La limitazione di tre lavori a colonna, apparentemente restrittiva, permette di identificare il lavoro su cui concentrarsi in un’ottica in cui, più che la quantità di modifiche portate a termine, è proprio la quantità di conoscenza validata ad essere fondamentale per il progresso del lavoro.

Validated learning

La metodologia Lean Startup considera gli sforzi di una startup come degli esperimenti pensati per testare un’ipotesi. Ries ritiene questo passaggio fondamentale per una startup tanto da paragonarlo al passaggio dall’alchimia alla scienza.

We need the scientific method. In the Lean Startup model, every product, every feature, every marketing campaing – everything a startup does – is understood to be an experiment designed to achieve validated learning.

Il metodo Lean Startup è stato elaborato per aiutare gli imprenditori a guidare una startup. Invece di realizzare complessi piani di sviluppo basati su un grande numero di assunti, la proposta Lean si basa sul continuo lavoro di aggiustamento della propria piattaforma attraverso il circolo Build-Measure-Learn. Il prodotto viene quindi modificato costatentemente in un processo di ottimizzazione continua. Ogni modifica viene considerata un esperimento e come tale richiede una validazione. Che la modifica abbia portato dei risultati positivi o negativi è tutto sommato secondario rispetto all’arricchimento conoscitivo portato alla startup dall’esperimento.

Se il prodotto vive un continuo processo di messa a punto, la strategia alla base delle modifiche resta spesso immutata. Tuttavia, non sempre accade ciò. E’ infatti possibile che gli esperimetni effettuati sconfessino in modo radicale la strategia adottata.

As we’ve seen, it’s easy to kid yourself about what you think customers want. It’s also easy to learn things that are completely irrelevant. Thus validated learning is backed up by empirical data collected from real customers.

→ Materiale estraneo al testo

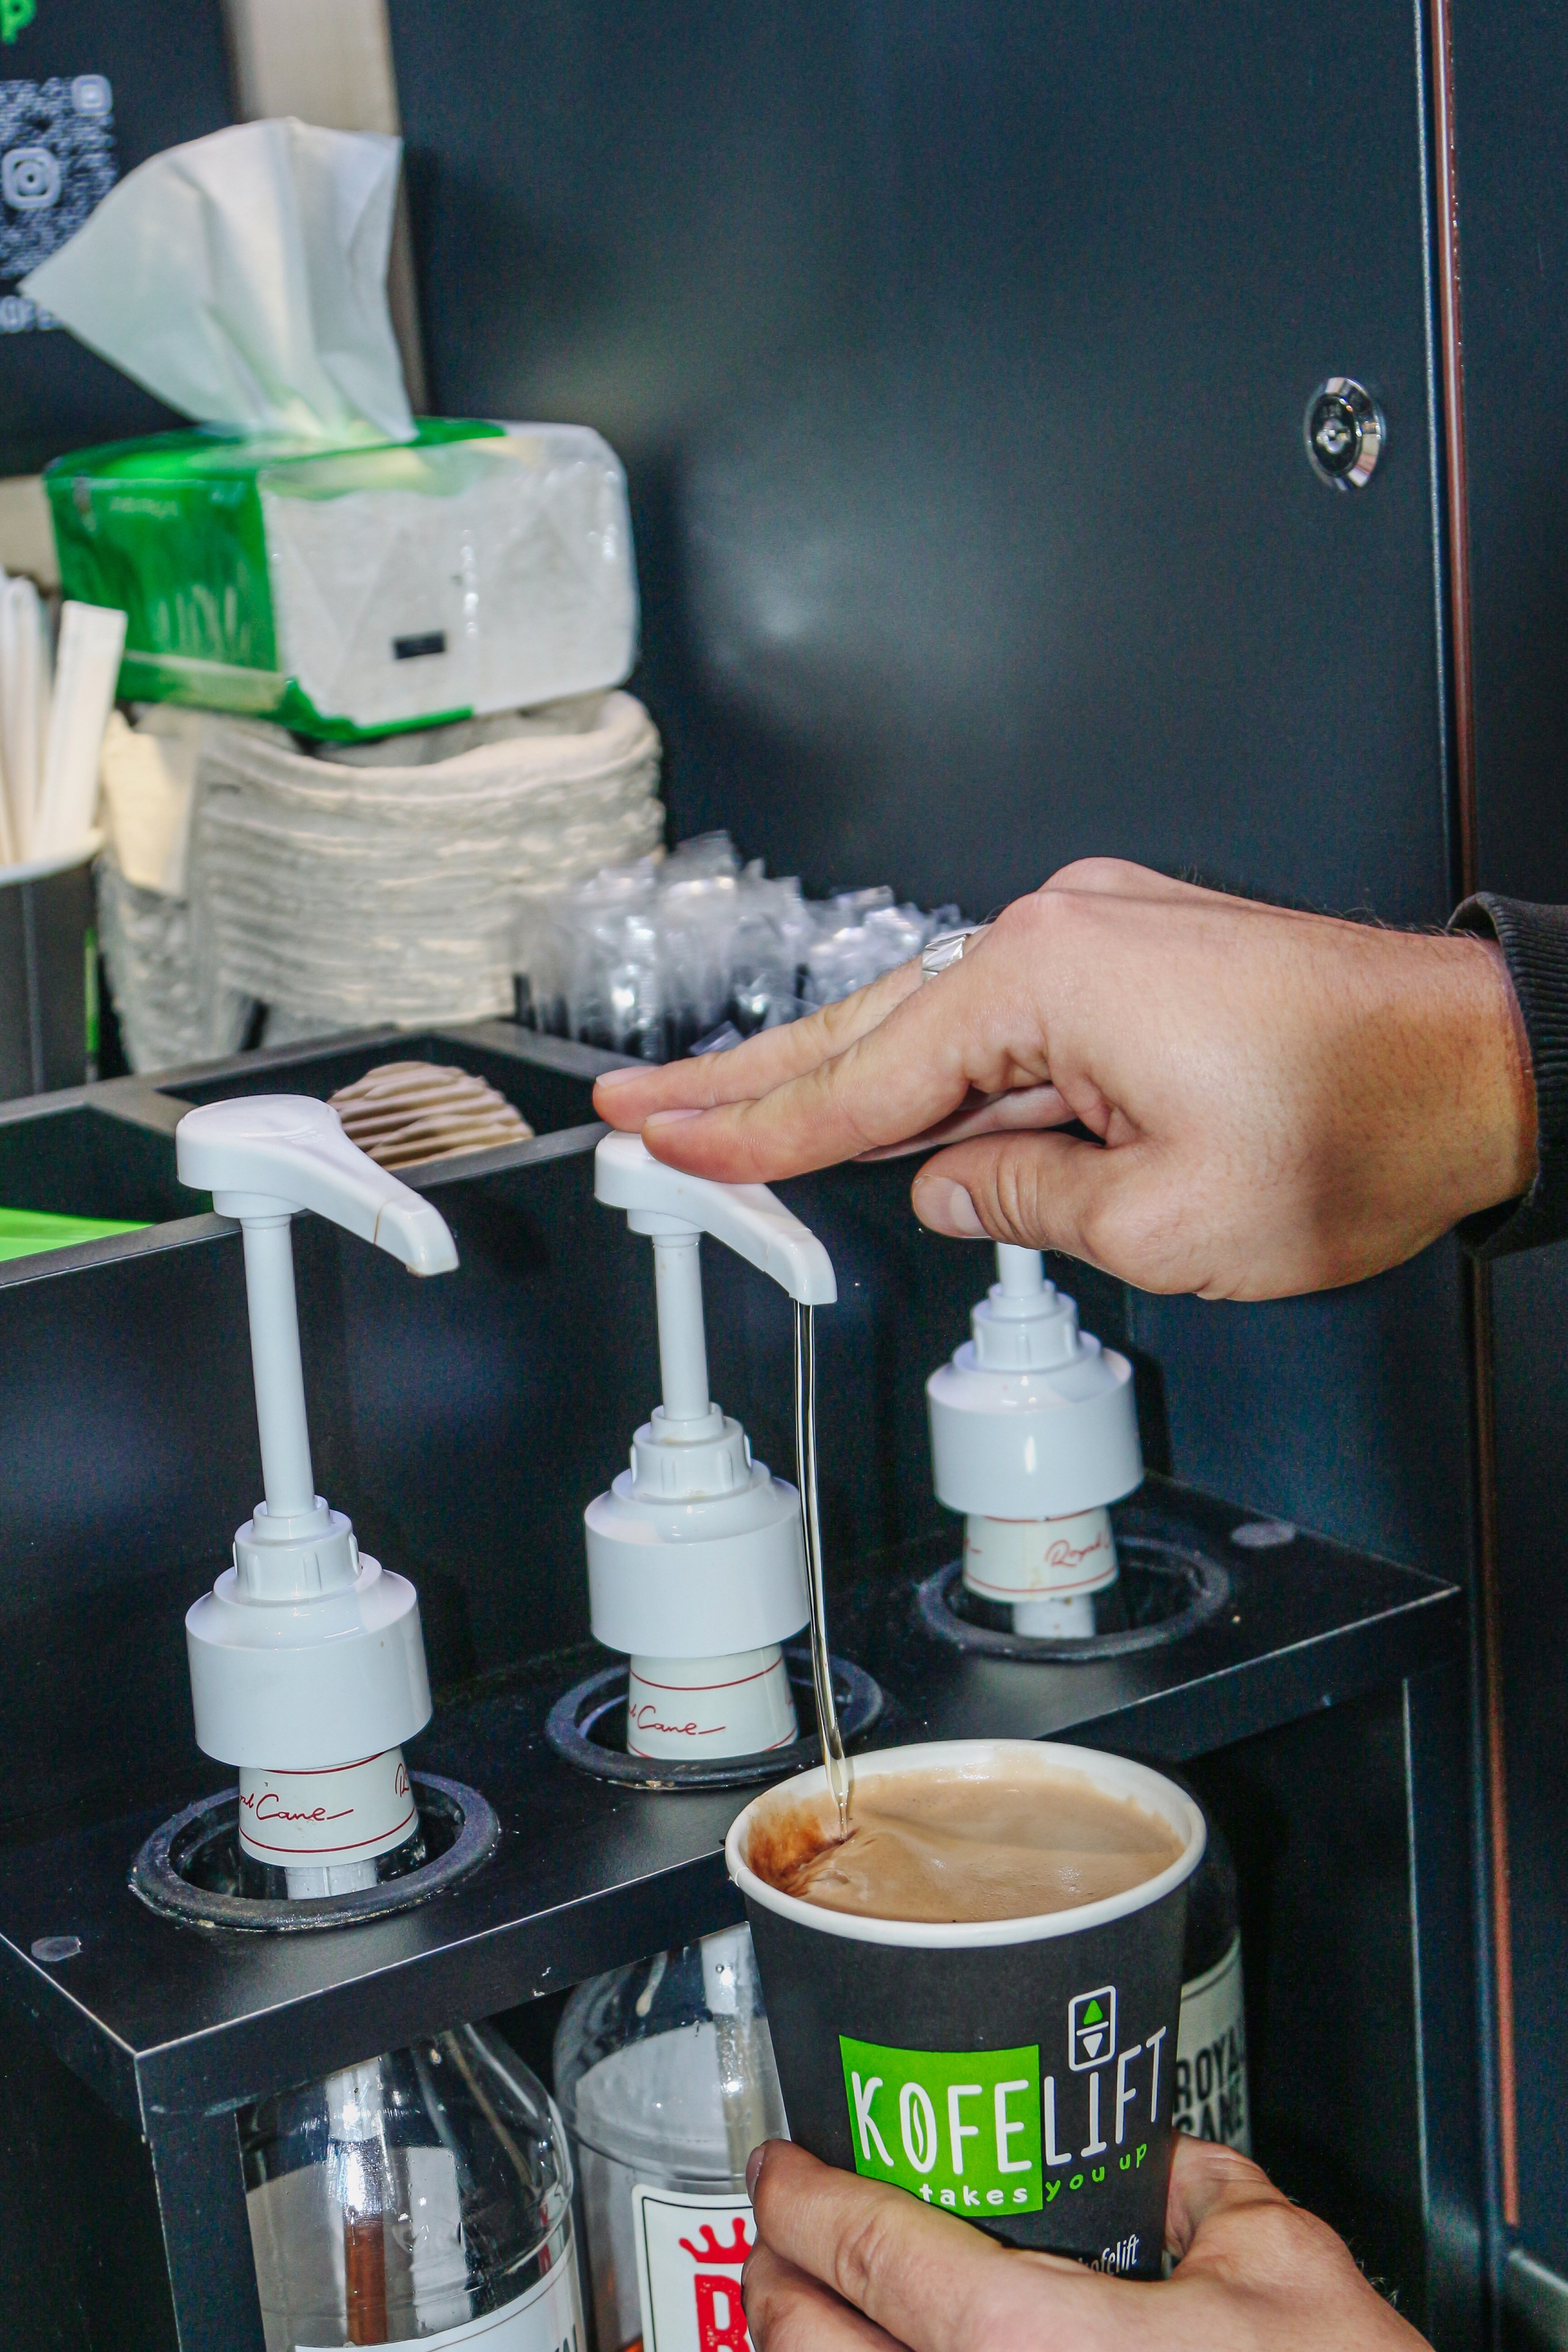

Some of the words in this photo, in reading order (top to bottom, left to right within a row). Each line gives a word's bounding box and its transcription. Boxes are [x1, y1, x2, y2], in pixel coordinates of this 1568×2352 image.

In tal caso bisogna avere un po’ di coraggio e di onestà verso se stessi e modificare la strategia messa in atto. E’ l’operazione che Ries chiama ‘pivot’. Anche i casi di cambio di strategia, tuttavia, non andrebbero vissuti come dei fallimenti. Il processo che ha portato alla decisione di cambiare strategia, se costruito sul Build-Measure-Learn feedback loop, ha infatti portato all’acquisizione di nuove conoscenze ed il fatto di aver identificato una determinata strategia come fallace è esso stesso una nuova conoscenza, spesso fondamentale.

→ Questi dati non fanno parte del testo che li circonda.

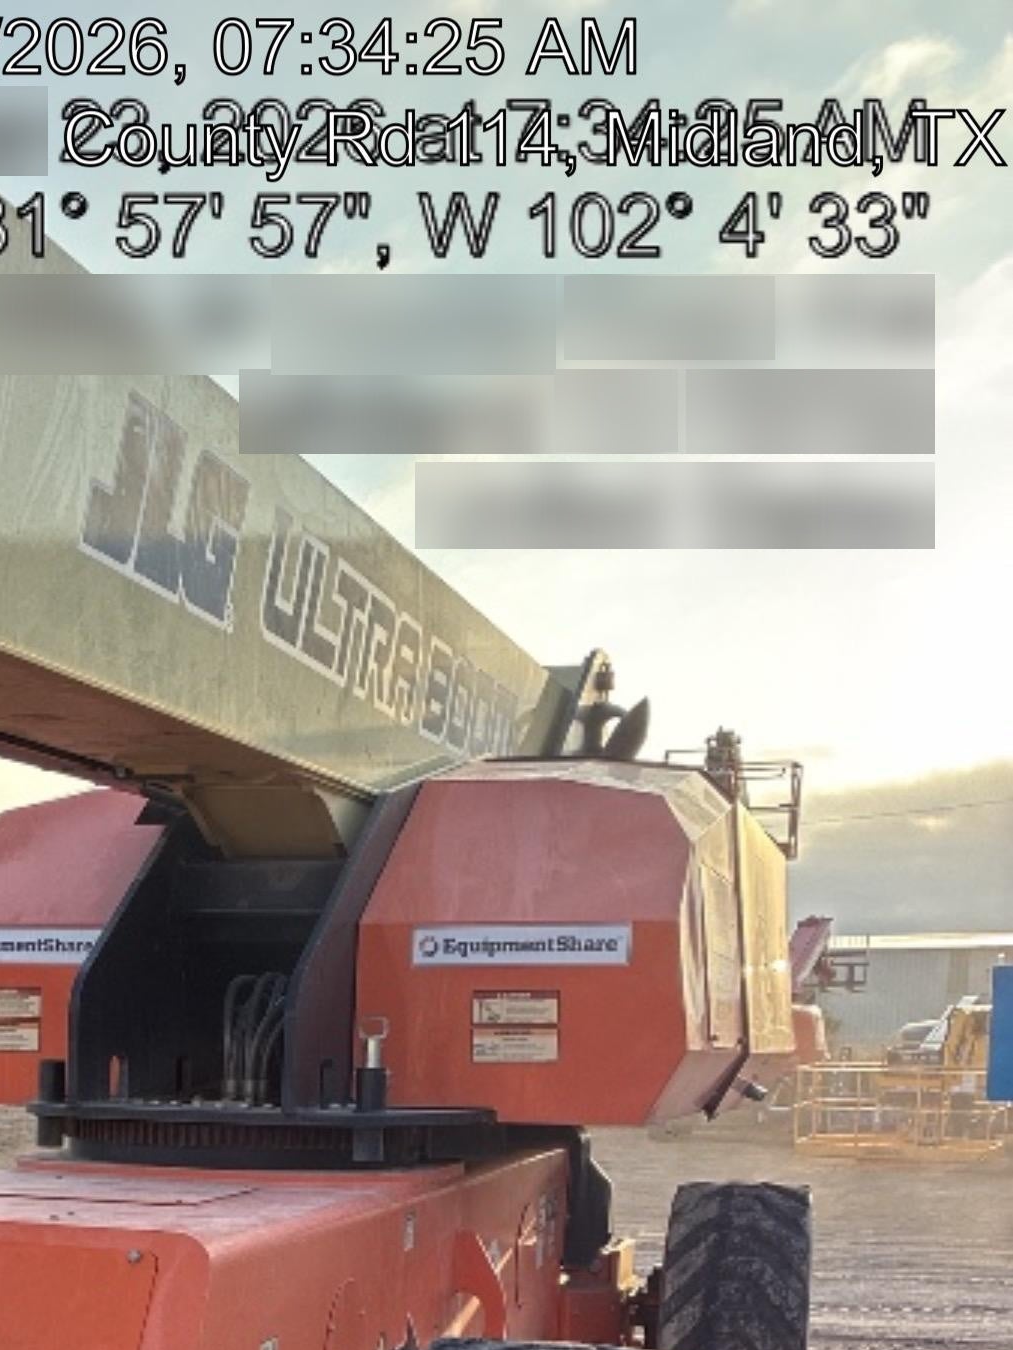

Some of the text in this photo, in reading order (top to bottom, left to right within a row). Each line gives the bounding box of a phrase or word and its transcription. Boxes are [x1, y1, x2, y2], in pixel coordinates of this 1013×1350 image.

[78, 390, 252, 634] JLG
[260, 504, 425, 728] ULTRA
[443, 935, 619, 957] EquipmentShare

La metodologia Lean è molto adatta alla concreta vita di una startup. Durante il reale sviluppo di un prodotto, anche nei casi di piccole attività imprenditoriali, ci si trova ad avere a che fare con un ampio ventaglio di operazioni da compiere simultaneamente ed uno dei problemi più frequenti è proprio di riuscire a continuare ad innovare i propri prodotti e servizi mentre si gestiscono dei clienti.
Il metodo Lean può aiutare a sfruttare al meglio le potenzialità presenti in questa delicata fase.

Gli esperimenti hanno quindi un ruolo cruciale in questo paradigma di gestione delle startup. Per avere una conoscenza validata bisogna condurre un esperimento, per farlo bisogna avere una ipotesi chiara, una semplice domanda a cui si cerca una risposta.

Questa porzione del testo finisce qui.